THE TASK = Retype each entry verbatim. Do not include the images.

─── PROVIDED ENTRIES

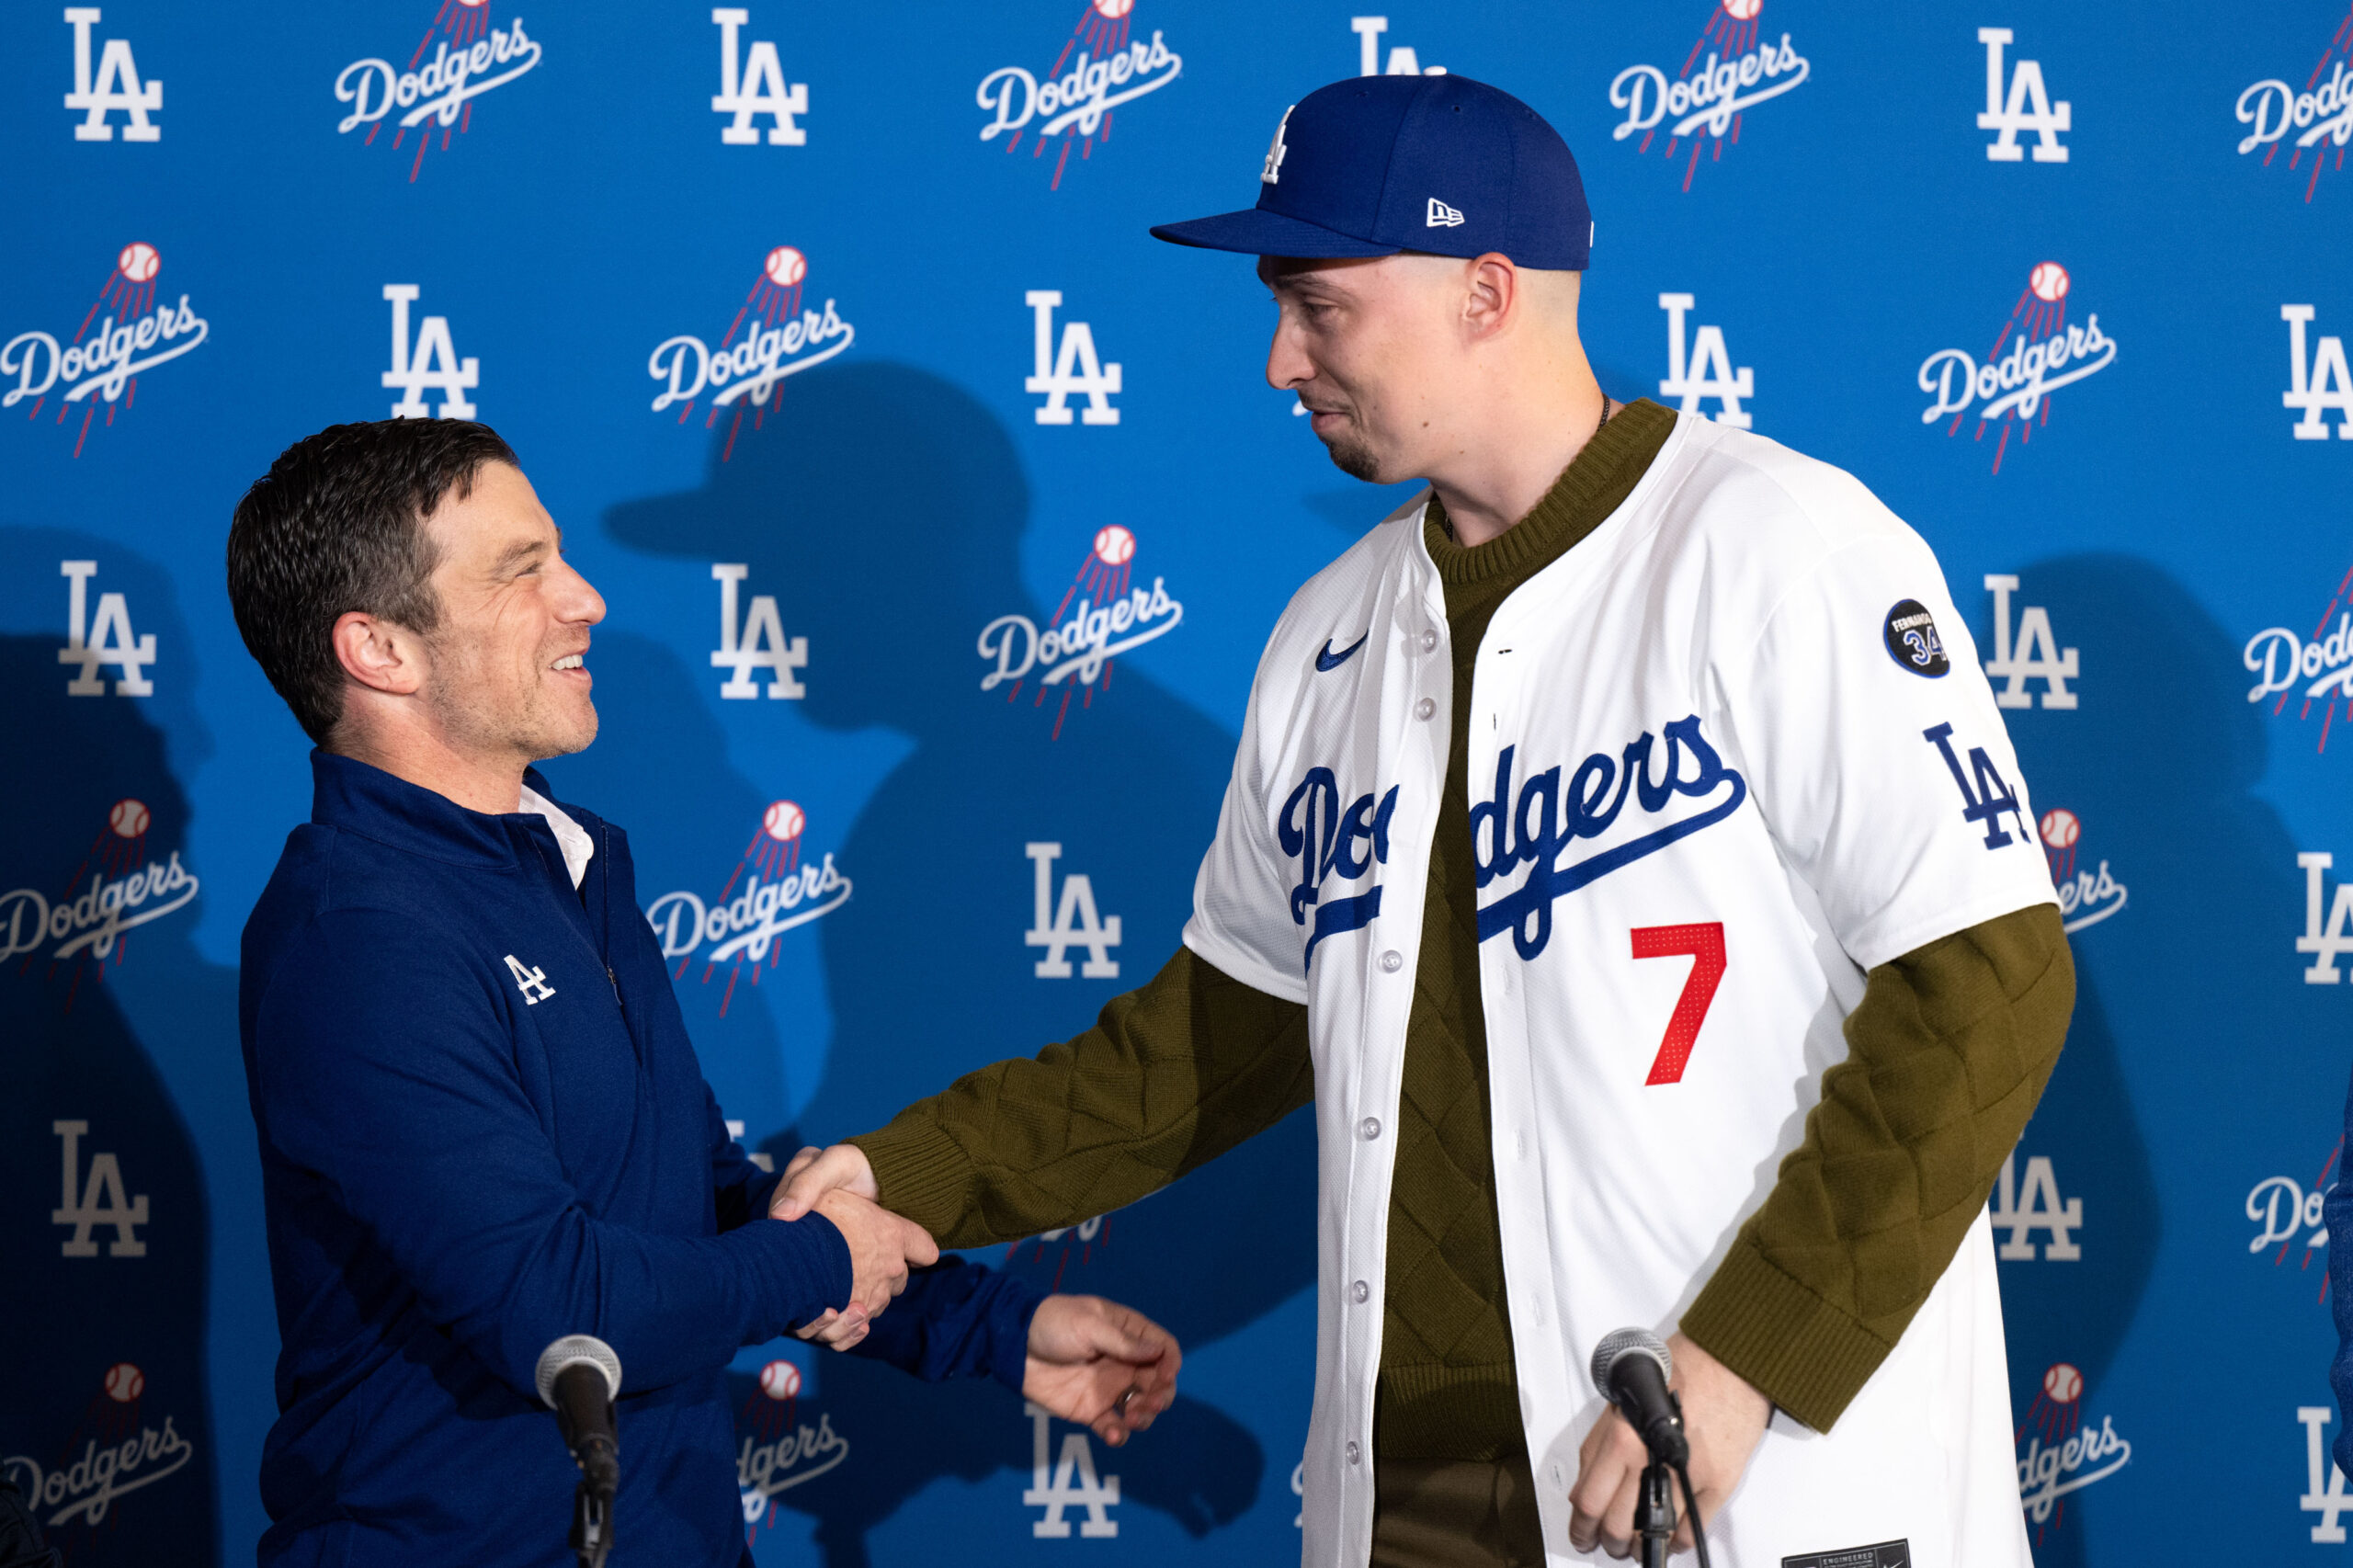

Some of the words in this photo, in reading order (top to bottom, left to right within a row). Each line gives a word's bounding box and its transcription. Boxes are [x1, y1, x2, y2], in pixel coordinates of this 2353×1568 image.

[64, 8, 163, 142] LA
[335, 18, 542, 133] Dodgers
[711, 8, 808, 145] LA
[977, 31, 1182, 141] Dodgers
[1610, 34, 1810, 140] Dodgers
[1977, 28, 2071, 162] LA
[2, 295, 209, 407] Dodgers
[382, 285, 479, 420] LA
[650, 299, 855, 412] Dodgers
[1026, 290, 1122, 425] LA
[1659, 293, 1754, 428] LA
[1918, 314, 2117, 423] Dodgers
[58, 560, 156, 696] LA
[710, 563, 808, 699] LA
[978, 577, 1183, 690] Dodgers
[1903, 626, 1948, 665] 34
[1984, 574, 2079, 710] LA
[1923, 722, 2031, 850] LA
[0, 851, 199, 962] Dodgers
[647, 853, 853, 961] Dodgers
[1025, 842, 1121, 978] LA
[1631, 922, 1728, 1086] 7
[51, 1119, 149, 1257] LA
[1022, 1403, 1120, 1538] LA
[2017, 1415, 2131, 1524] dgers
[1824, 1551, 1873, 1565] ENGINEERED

──────

YOUR SOLUTION =
Some of the words in this photo, in reading order (top to bottom, left to right within a row). Each line gives a word's bounding box and its transcription. Boxes are [x1, y1, x2, y2], in pixel coordinates of this 2353×1568 image.

[64, 8, 163, 142] LA
[335, 18, 542, 133] Dodgers
[711, 8, 808, 145] LA
[977, 31, 1182, 141] Dodgers
[1610, 34, 1810, 140] Dodgers
[1977, 28, 2071, 162] LA
[2, 295, 209, 407] Dodgers
[382, 285, 479, 420] LA
[650, 299, 855, 412] Dodgers
[1026, 290, 1122, 425] LA
[1659, 293, 1754, 428] LA
[1918, 314, 2117, 423] Dodgers
[58, 560, 156, 696] LA
[710, 563, 808, 699] LA
[978, 577, 1183, 690] Dodgers
[1903, 626, 1948, 665] 34
[1984, 574, 2079, 710] LA
[1923, 722, 2031, 850] LA
[0, 851, 199, 962] Dodgers
[647, 853, 853, 961] Dodgers
[1025, 842, 1121, 978] LA
[1631, 922, 1728, 1086] 7
[51, 1119, 149, 1257] LA
[1022, 1403, 1120, 1538] LA
[2017, 1415, 2131, 1524] dgers
[1824, 1551, 1873, 1565] ENGINEERED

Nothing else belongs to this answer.